Actually for what it's worth I would expect INCLUDING INDEXES (with no
mention of what to do about constraints) to go ahead and include
constraints on indexes. I only have strong feelings where the user
has gone to the trouble of explicitly stating that they want indexes
but *not* constraints and we include the constraints anyway.
I would be fine with a NOTICE in the former case, so something like
this would be cool
# CREATE TABLE foo (LIKE bar INCLUDING INDEXES);
NOTICE: INCLUDING INDEXES will also include any constraints on those indexes.
HINT: Specify EXCLUDING CONSTRAINTS to omit them.
To my mind the severity is similar to such notices as "NOTICE: CREATE
TABLE / UNIQUE will create implicit index ...".

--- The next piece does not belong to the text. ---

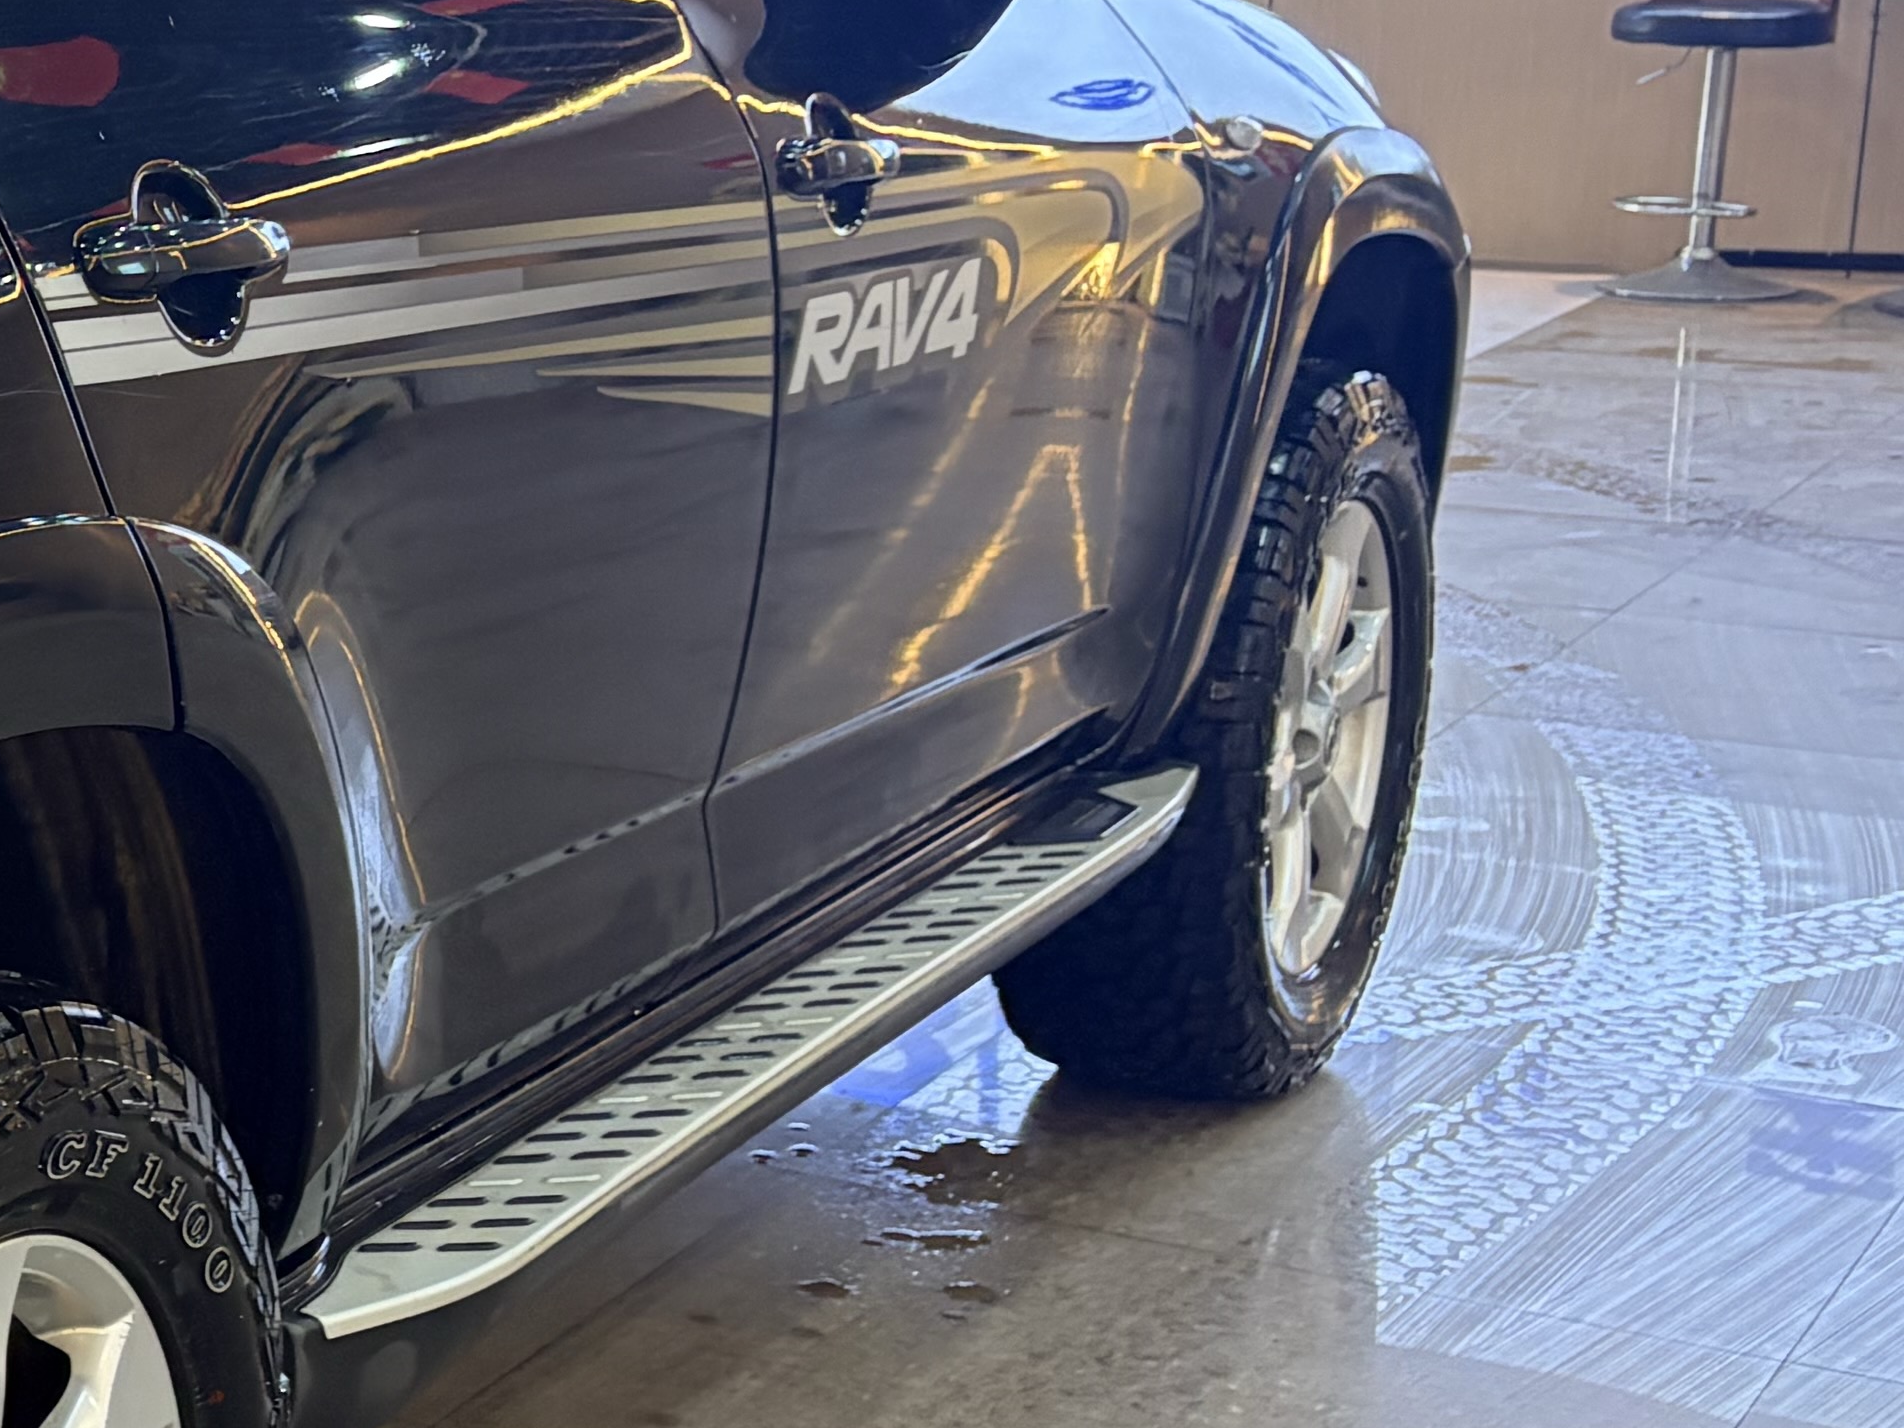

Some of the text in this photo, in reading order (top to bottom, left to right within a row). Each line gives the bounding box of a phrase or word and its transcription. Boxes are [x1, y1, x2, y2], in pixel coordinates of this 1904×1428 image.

[787, 258, 981, 396] RAV4
[42, 1128, 237, 1295] CF 1100

i.e., "this is probably what you wanted us to do, but just in case you
weren't expecting this side-effect, we're letting you know about it".
>
> There is not much of a problem with backwards compatibility. LIKE is
> shorthand (not stored in catalogs), so it doesn't affect
> pg_dump/restore. And hopefully there aren't a lot of apps out there
> creating tables dynamically using the LIKE syntax.
>
Well, it wouldn't surprise me if people are using LIKE to produce
tables for partitioning arrangements.